Yesterday, the world experienced major outages in its mobile networks, including loss of service for 32 million Britons on O2 and other carriers as well as millions more in Japan and other parts of the globe. The rumor is that many private IoT networks were affected by this same outage, most of which we’ll probably never hear about.

The root cause? An expired certificate, at least according to Ericsson, the service provider behind the outage.

This outage was hugely costly down the whole value chain. Ericsson suffered public embarrassment, had a major service crisis to deal with, and - for all we know - will be paying hefty penalties for missing SLAs. Mobile providers like O2 and SoftBank had huge customer service problems with the resulting costs incurred and brand damage. And many, many end users were without mobile service for at least several hours and upwards of nearly a day, which at a minimum is highly inconvenient and can sometimes be threatening to business success or health and safety.
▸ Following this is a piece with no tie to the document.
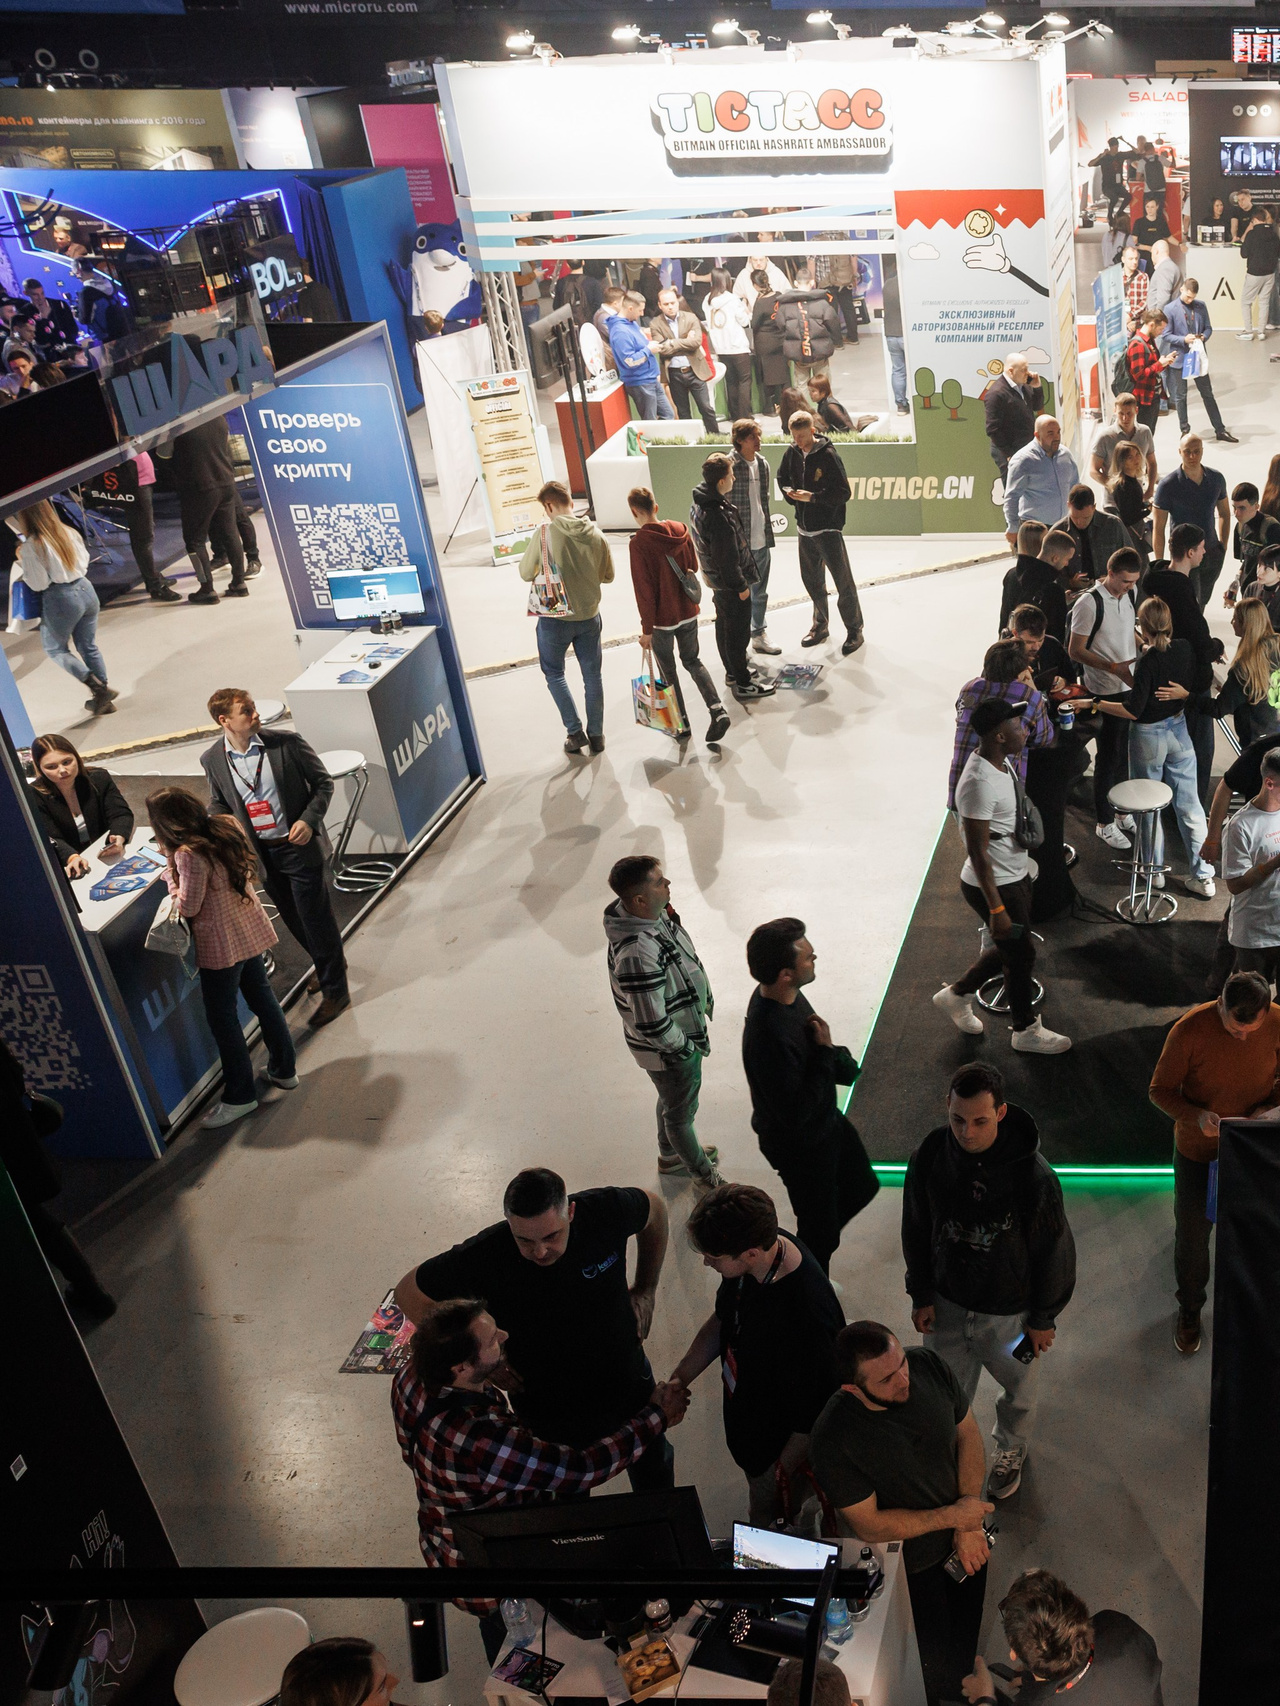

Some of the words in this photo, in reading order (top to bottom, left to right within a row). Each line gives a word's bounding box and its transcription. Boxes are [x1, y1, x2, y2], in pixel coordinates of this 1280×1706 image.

This episode illustrates a few important points about digital certificates:

  1. They are everywhere. Certificates are a foundational component of our secure IT infrastructure and there is no avoiding them. Without certificates, all the electronic systems we rely on today would cease to function, including credit card payments, automobiles, ATMs, public transport, social networks, mobile devices, air travel, medical equipment, cable TV, and much, much more.
  2. IT networks continue to increase in complexity. New architectures such as cloud, VMs, and containerization have added to what are already unfathomably complicated networks. And, as our applications and data continue to proliferate, this complexity will grow.
  3. Interdependence reigns. In this case, a single outage at a single service provider took down networks around the world. This interdependence is an unavoidable fact of today’s technology services and will only continue to increase over time.

For all these reasons, reliable certificate management is more important than ever. Enterprises need to discover, track, and manage the lifecycle of certificates in a reliable way that doesn’t depend on individuals tracking and acting on them. And that means they need to rely on software automation to help them do so.